Mark “Mad Dog” Madsen, ’00, MA ’12, co-star of the 1998 Miracle Minute that put Stanford into the Final Four, former NBA player, and, most recently, head coach at Utah Valley University, is finally returning to the Bay—on the wrong side. In March, Madsen became head coach of Cal’s men’s basketball program.
It started with 10,800 eggs headed for a landfill. Early in the pandemic, James Kanoff, ’22, wanted to connect food banks with farmers, who were throwing away millions of pounds of unsaleable food every day. The Farmlink Project has now delivered more than 100 million pounds of food to schools, food banks, churches, mosques, and more, with the goal of providing 1 billion meals by 2026.
Check on your soggy California friends. The state has experienced 30 atmospheric rivers since October, but according to UCLA climate scientist Daniel Swain, PhD ’16, that was just a taste of what’s to come. The future could include similar storms ... except with no breaks between them and double the precipitation we saw this year. “We’re nowhere near to a plausible worst-case storm and flood scenario for California,” he said.

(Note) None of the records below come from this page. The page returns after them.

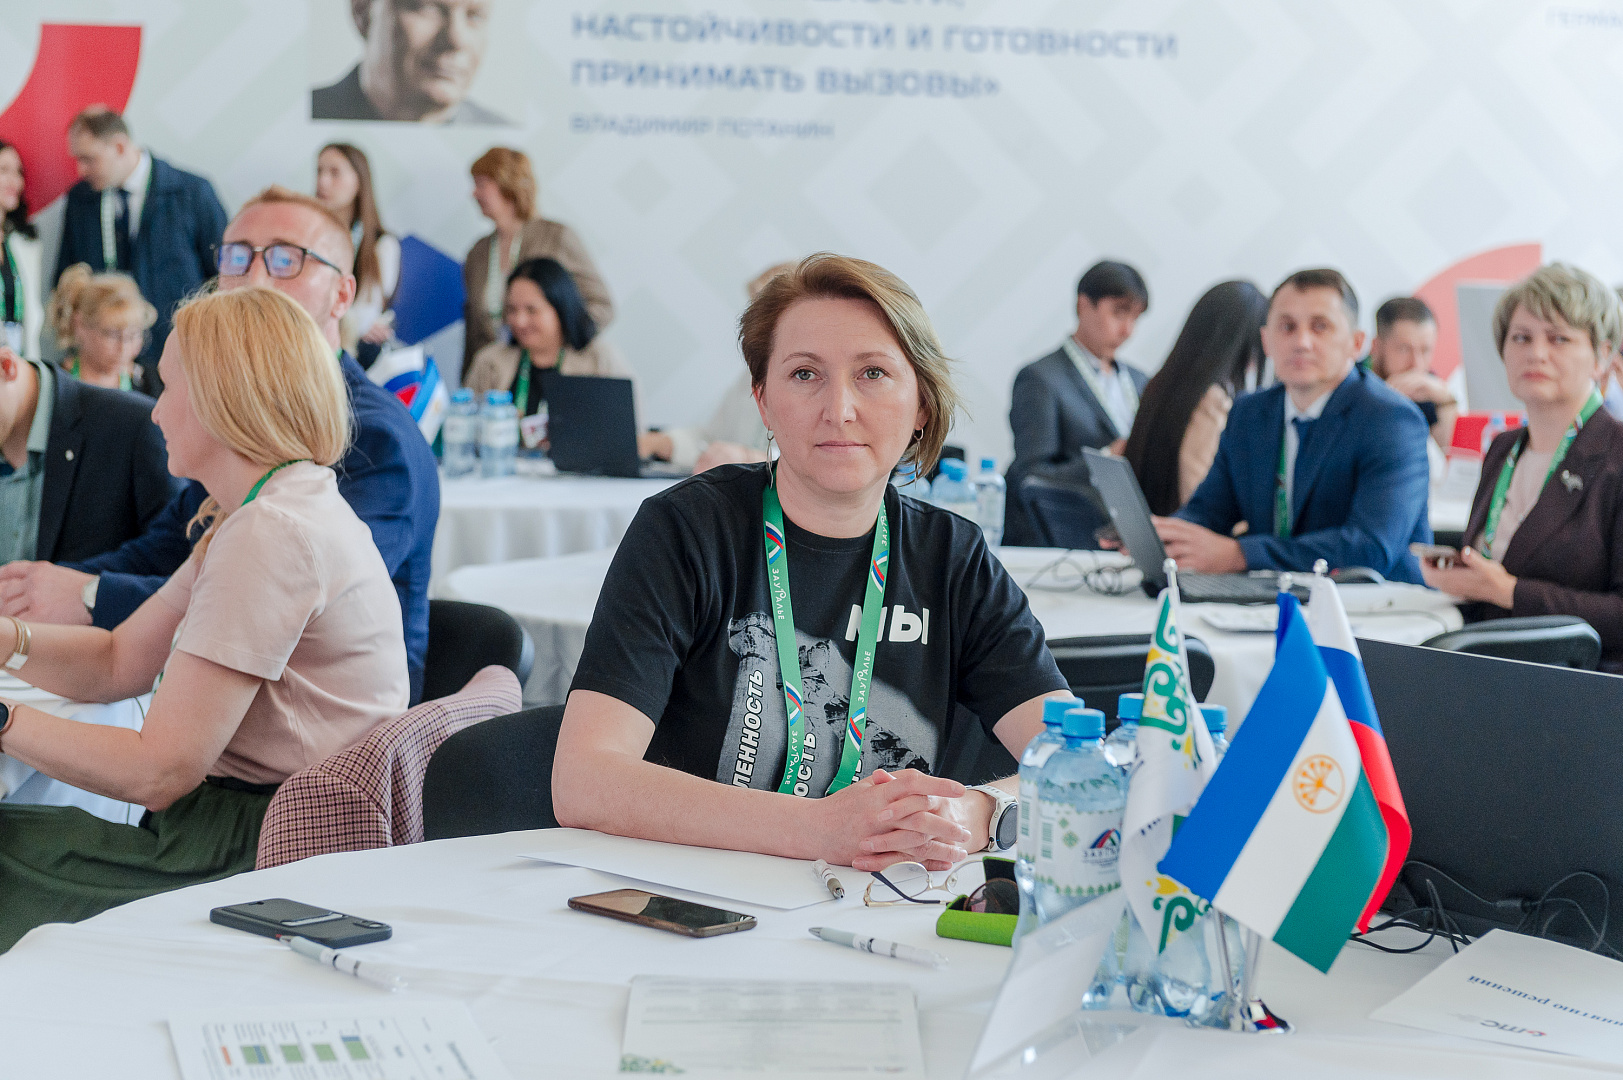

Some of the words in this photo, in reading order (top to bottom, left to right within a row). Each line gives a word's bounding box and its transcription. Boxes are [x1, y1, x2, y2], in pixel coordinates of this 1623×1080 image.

[572, 11, 896, 49] НАСТОЙЧИВОСТИ
[906, 24, 932, 49] И
[944, 25, 1178, 59] ГОТОВНОСТИ
[572, 60, 805, 93] ПРИНИМАТЬ
[772, 568, 787, 620] ЗАУРАЛЬЕ
[857, 651, 872, 703] ЗАУРАЛЬЕ
[784, 730, 800, 785] ЗАУРАЛЬЕ

Junior Jadon Geathers gave up tae kwon do to become a classical pianist and switched from studying physics to math. He finds beauty both in the visual representations of mathematical objects and in music, where he says colors and textures arise from combinations of chords and melodic statements. Now he encourages other students to find their own versions of beauty.
What actually is an algorithm? (Asking for a Golden Bear.) In a short video, the Graduate School of Business explains. Turns out you use algorithms all the time, from baking a cake to tying your shoes.